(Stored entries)
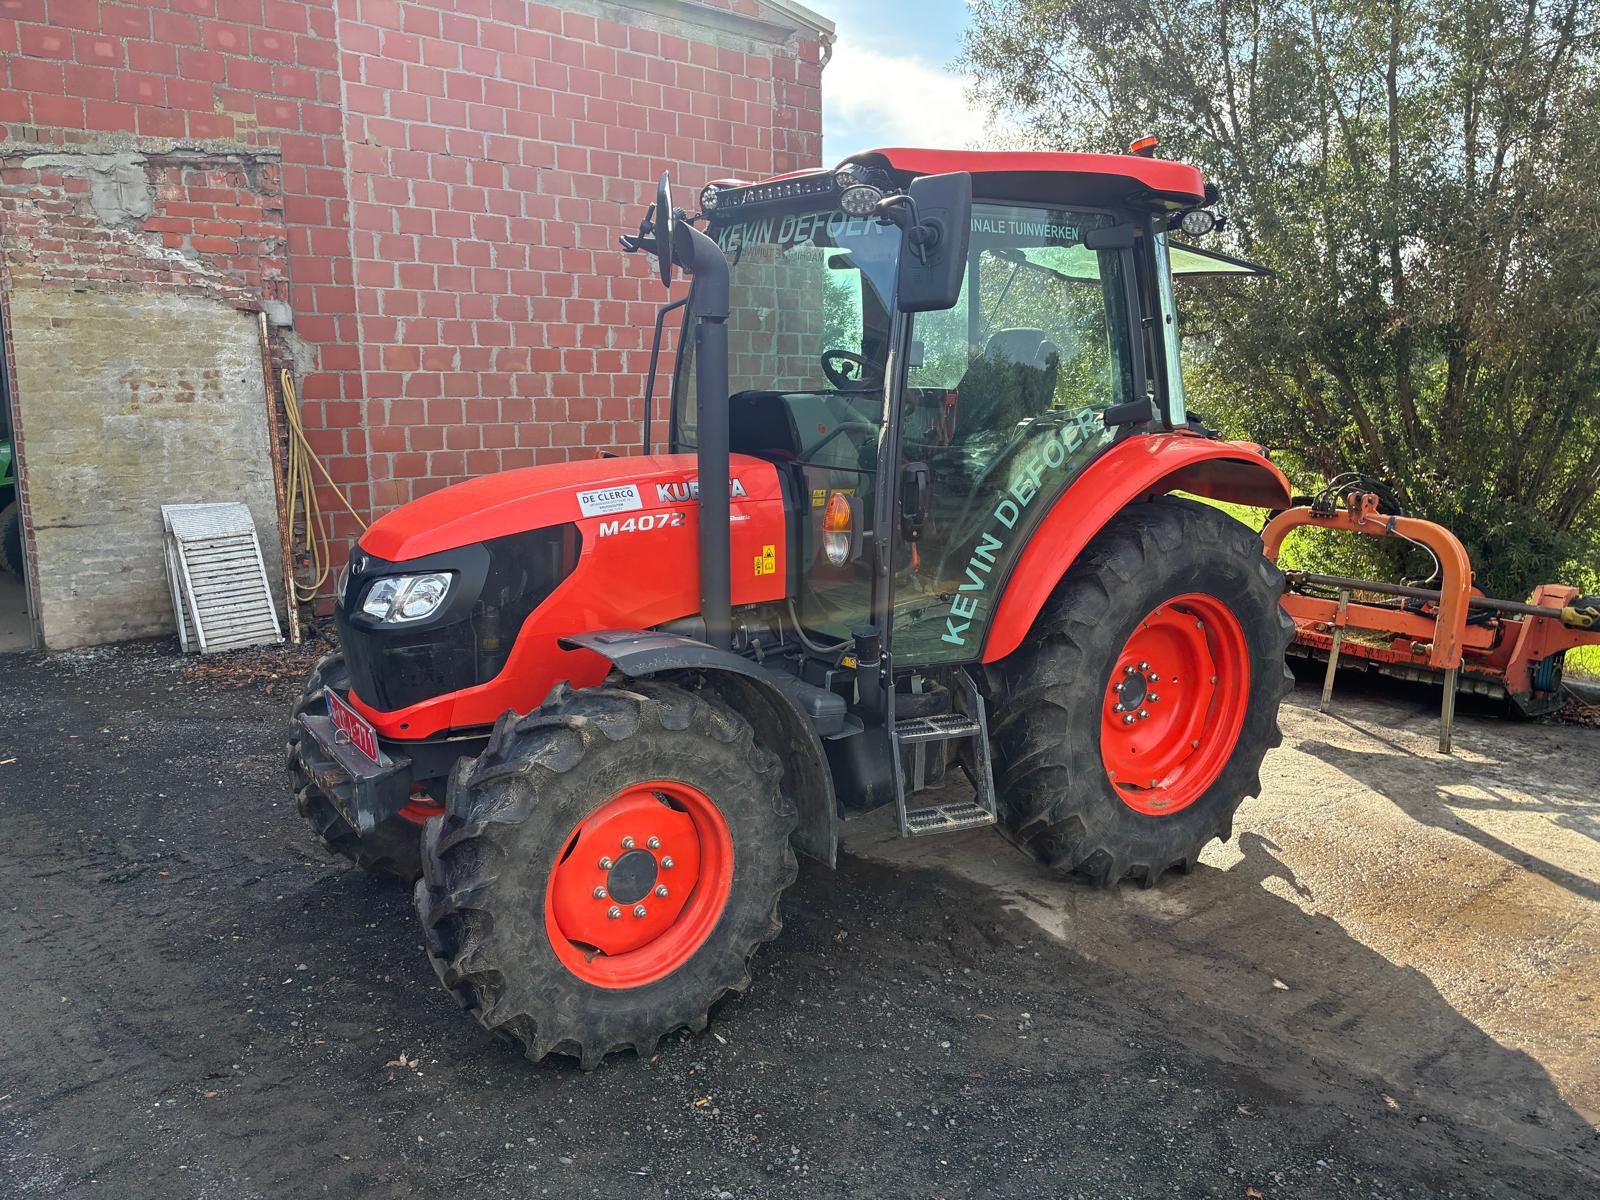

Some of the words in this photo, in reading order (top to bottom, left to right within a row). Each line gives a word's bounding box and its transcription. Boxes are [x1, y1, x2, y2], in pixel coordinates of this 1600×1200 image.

[717, 217, 775, 253] KEVIN
[1008, 221, 1079, 241] TUINWERKEN
[582, 495, 596, 504] DE
[597, 489, 634, 501] CLERCQ
[599, 511, 685, 538] M4072
[941, 532, 1003, 645] KEVIN
[993, 407, 1098, 530] DEFOER

▸ **Action item**
A faithful copy of every record is needed here. Leave the images out of it.

▸ **Finished exercise**
Some of the words in this photo, in reading order (top to bottom, left to right within a row). Each line gives a word's bounding box and its transcription. Boxes are [x1, y1, x2, y2], in pixel coordinates of this 1600×1200 image.

[717, 217, 775, 253] KEVIN
[1008, 221, 1079, 241] TUINWERKEN
[582, 495, 596, 504] DE
[597, 489, 634, 501] CLERCQ
[599, 511, 685, 538] M4072
[941, 532, 1003, 645] KEVIN
[993, 407, 1098, 530] DEFOER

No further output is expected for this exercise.